Exercise requirements ▸
This exercise asks for an exact transcription of every entry.

Dataset records
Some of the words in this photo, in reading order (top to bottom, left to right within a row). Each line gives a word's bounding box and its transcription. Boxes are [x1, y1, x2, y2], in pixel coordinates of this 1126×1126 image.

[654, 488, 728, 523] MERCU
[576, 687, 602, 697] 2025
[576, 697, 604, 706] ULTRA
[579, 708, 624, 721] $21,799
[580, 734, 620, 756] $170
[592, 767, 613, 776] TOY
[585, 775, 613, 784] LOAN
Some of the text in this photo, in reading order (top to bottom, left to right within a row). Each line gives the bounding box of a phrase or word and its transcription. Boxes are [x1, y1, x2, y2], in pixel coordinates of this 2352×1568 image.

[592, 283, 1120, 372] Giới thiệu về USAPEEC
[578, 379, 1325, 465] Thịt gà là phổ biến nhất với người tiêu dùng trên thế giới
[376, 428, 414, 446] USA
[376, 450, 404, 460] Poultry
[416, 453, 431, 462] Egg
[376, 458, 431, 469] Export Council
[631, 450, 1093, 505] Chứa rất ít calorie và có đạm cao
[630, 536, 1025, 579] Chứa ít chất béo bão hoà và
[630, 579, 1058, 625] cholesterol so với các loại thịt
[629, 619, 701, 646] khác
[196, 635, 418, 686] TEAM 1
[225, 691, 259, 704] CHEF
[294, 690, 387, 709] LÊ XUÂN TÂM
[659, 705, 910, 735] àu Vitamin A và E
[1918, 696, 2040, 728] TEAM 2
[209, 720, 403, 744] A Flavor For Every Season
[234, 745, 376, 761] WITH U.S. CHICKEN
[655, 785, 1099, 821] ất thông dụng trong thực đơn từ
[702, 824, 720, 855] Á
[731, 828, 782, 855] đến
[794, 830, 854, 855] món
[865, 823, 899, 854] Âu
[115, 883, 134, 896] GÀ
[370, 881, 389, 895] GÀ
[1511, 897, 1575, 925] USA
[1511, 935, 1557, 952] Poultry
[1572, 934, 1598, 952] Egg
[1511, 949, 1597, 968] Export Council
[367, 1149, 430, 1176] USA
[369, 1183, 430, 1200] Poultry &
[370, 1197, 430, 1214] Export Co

Solution to the exercise ▸
Some of the words in this photo, in reading order (top to bottom, left to right within a row). Each line gives a word's bounding box and its transcription. Boxes are [x1, y1, x2, y2], in pixel coordinates of this 1126×1126 image.

[654, 488, 728, 523] MERCU
[576, 687, 602, 697] 2025
[576, 697, 604, 706] ULTRA
[579, 708, 624, 721] $21,799
[580, 734, 620, 756] $170
[592, 767, 613, 776] TOY
[585, 775, 613, 784] LOAN
Some of the text in this photo, in reading order (top to bottom, left to right within a row). Each line gives the bounding box of a phrase or word and its transcription. Boxes are [x1, y1, x2, y2], in pixel coordinates of this 2352×1568 image.

[592, 283, 1120, 372] Giới thiệu về USAPEEC
[578, 379, 1325, 465] Thịt gà là phổ biến nhất với người tiêu dùng trên thế giới
[376, 428, 414, 446] USA
[376, 450, 404, 460] Poultry
[416, 453, 431, 462] Egg
[376, 458, 431, 469] Export Council
[631, 450, 1093, 505] Chứa rất ít calorie và có đạm cao
[630, 536, 1025, 579] Chứa ít chất béo bão hoà và
[630, 579, 1058, 625] cholesterol so với các loại thịt
[629, 619, 701, 646] khác
[196, 635, 418, 686] TEAM 1
[225, 691, 259, 704] CHEF
[294, 690, 387, 709] LÊ XUÂN TÂM
[659, 705, 910, 735] àu Vitamin A và E
[1918, 696, 2040, 728] TEAM 2
[209, 720, 403, 744] A Flavor For Every Season
[234, 745, 376, 761] WITH U.S. CHICKEN
[655, 785, 1099, 821] ất thông dụng trong thực đơn từ
[702, 824, 720, 855] Á
[731, 828, 782, 855] đến
[794, 830, 854, 855] món
[865, 823, 899, 854] Âu
[115, 883, 134, 896] GÀ
[370, 881, 389, 895] GÀ
[1511, 897, 1575, 925] USA
[1511, 935, 1557, 952] Poultry
[1572, 934, 1598, 952] Egg
[1511, 949, 1597, 968] Export Council
[367, 1149, 430, 1176] USA
[369, 1183, 430, 1200] Poultry &
[370, 1197, 430, 1214] Export Co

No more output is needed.